Tuesday, December 21, 2021

Scribble-Scrub goes down to Hell


 The New York Hooroarer, or, A Story of Newspaper Enterprise, Containing a Visit to the Infernal Regions and Return.

 By the Rev. Charles Edwards.
Published in New York by the Humbodlt Publishing Co. in 1893. 2nd edition.

Reverend Charles Edwards was the pastor of the Freeport Baptist Church between about 1888 and 1893, resigning from the church at about the same time this little volume of satire, poking fun at both the press and religion, was published. Edwards sets his story in the editorial office of the New York Hooroarer, where the editor is lamenting the lack of fresh scandal and gossip with which to entertain his readers. His answer is to send reporter Scribble-Scrub down to Hell to interview the Devil, which Scribbs obediently does, along with a parson and a deacon. Scribby makes it back, to provide the next day’s wonderful headlines. Edwards satire of not only America’s yellow-prose press, but also the popular fire-and-brimstone preacher’s concept of a literal Hell, struck some readers’ funny bones and made other readers apoplectic, a situation he attempts discusses i this edition’s Forward. As was noted earlier, he resigned his church position this same year, so his explanation may not have been well-received by everybody.

Stiff paper covers. 5”x7”, 63 pages, several line illustrations. Covers quite worn, a spot of adhesion loss to the design on the front, both front and rear covers detached but present, spine perished. Rear cover with edge chips and a tear. Last several text leaves detached but present. Page 38 printed very (very) lightly. Basically, cheaply printed on wood-pulp paper and quite fragile.  $75

Thursday, December 16, 2021

Pioneering Collector-

 George Rehse American Collector of Indian Arts in Sioux Headdress- Gelatin Silver Photo.

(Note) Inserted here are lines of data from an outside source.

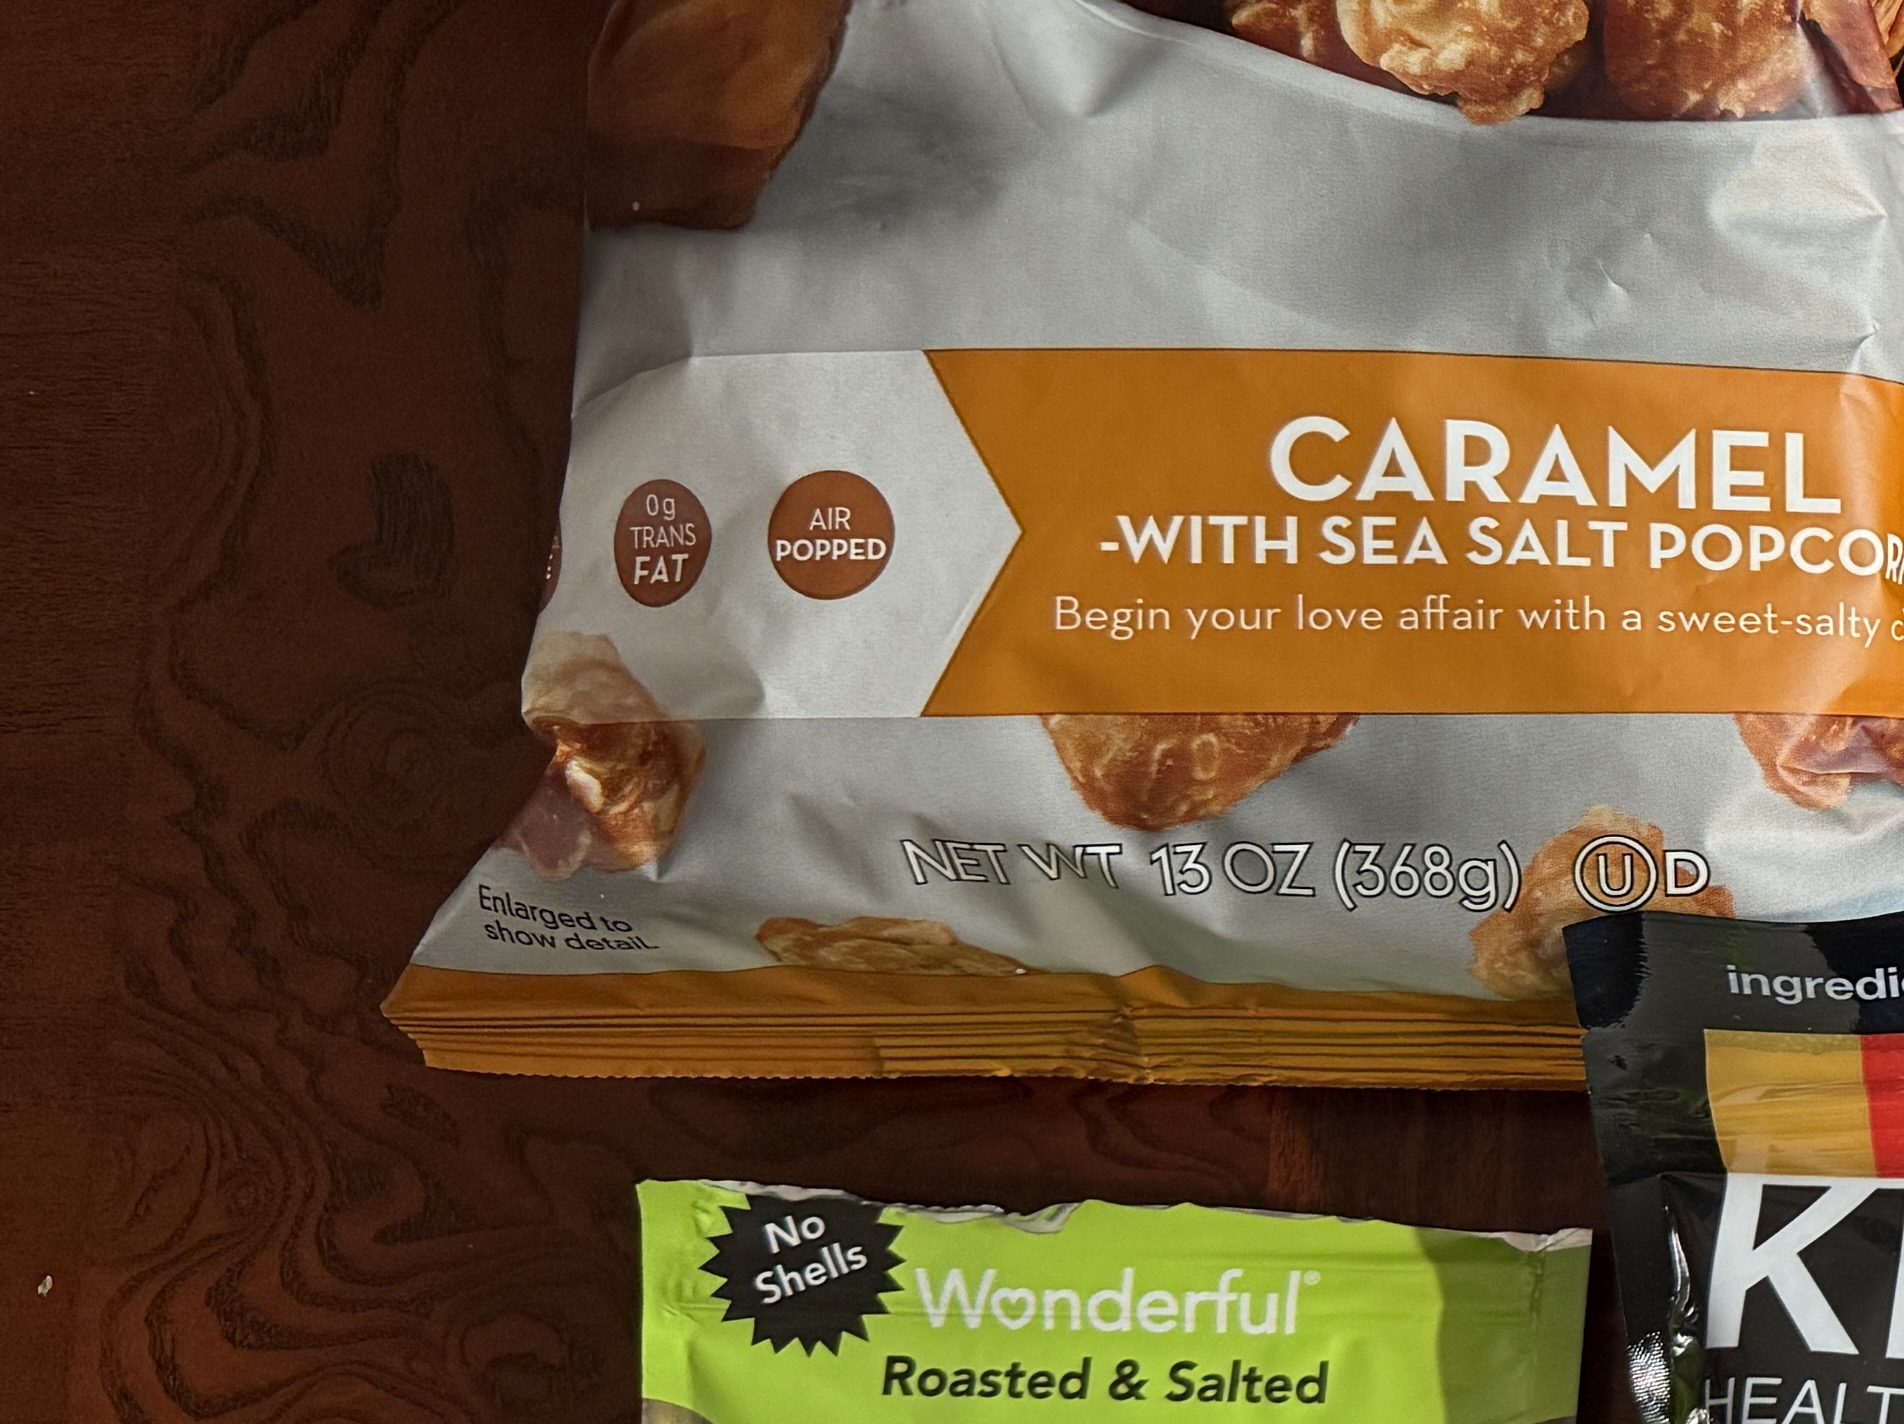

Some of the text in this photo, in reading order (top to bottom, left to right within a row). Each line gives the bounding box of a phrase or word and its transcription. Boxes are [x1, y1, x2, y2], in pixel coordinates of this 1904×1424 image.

[1270, 415, 1842, 516] CARAMEL
[630, 523, 696, 549] TRANS
[809, 506, 850, 530] AIR
[775, 537, 887, 563] POPPED
[1319, 516, 1449, 567] SEA
[1467, 518, 1629, 569] SALT
[633, 553, 689, 585] FAT
[1053, 596, 1881, 648] Begin your love affair with sweet-salty
[900, 839, 1522, 912] NET WT 13 OZ (368g)
[478, 885, 633, 933] Enlarged to
[484, 919, 555, 948] show
[764, 1212, 826, 1255] No
[755, 1237, 868, 1305] Shells
[881, 1355, 1329, 1404] Roasted & Salted

 Inscribed in pen on the back- “George Rehse in full Indian dress a part of his collection”. George Washington Rehse (1868-1939) was a political cartoonist and a collector of American Indian arts and artifacts. The Sioux headdress he is wearing in this image appears to be the one now in the collection of the National Museum of the American Indian. It was lent to the Museum by Rehse from 1922 to 1925, and then purchased by the Museum in 1938.

Silver photo. 6”x8”. Rough, including creases and corner damage, and a crease on the right side that is starting to turn into a crack/tear. $125

Wednesday, December 15, 2021

Lllies of the Field-

Mid 19th century Watercolor Still Life of Lillies and a Scroll

A delicate and formally naive watercolor rendering of lilies which is just lovely.

6.75”x10.5”. Minor soil, light wear, corner bend. $85


Tuesday, December 14, 2021

Here's something you don't see every day-

Four Printer's Proof Color Printing Process Postcards for Rochester NY Store.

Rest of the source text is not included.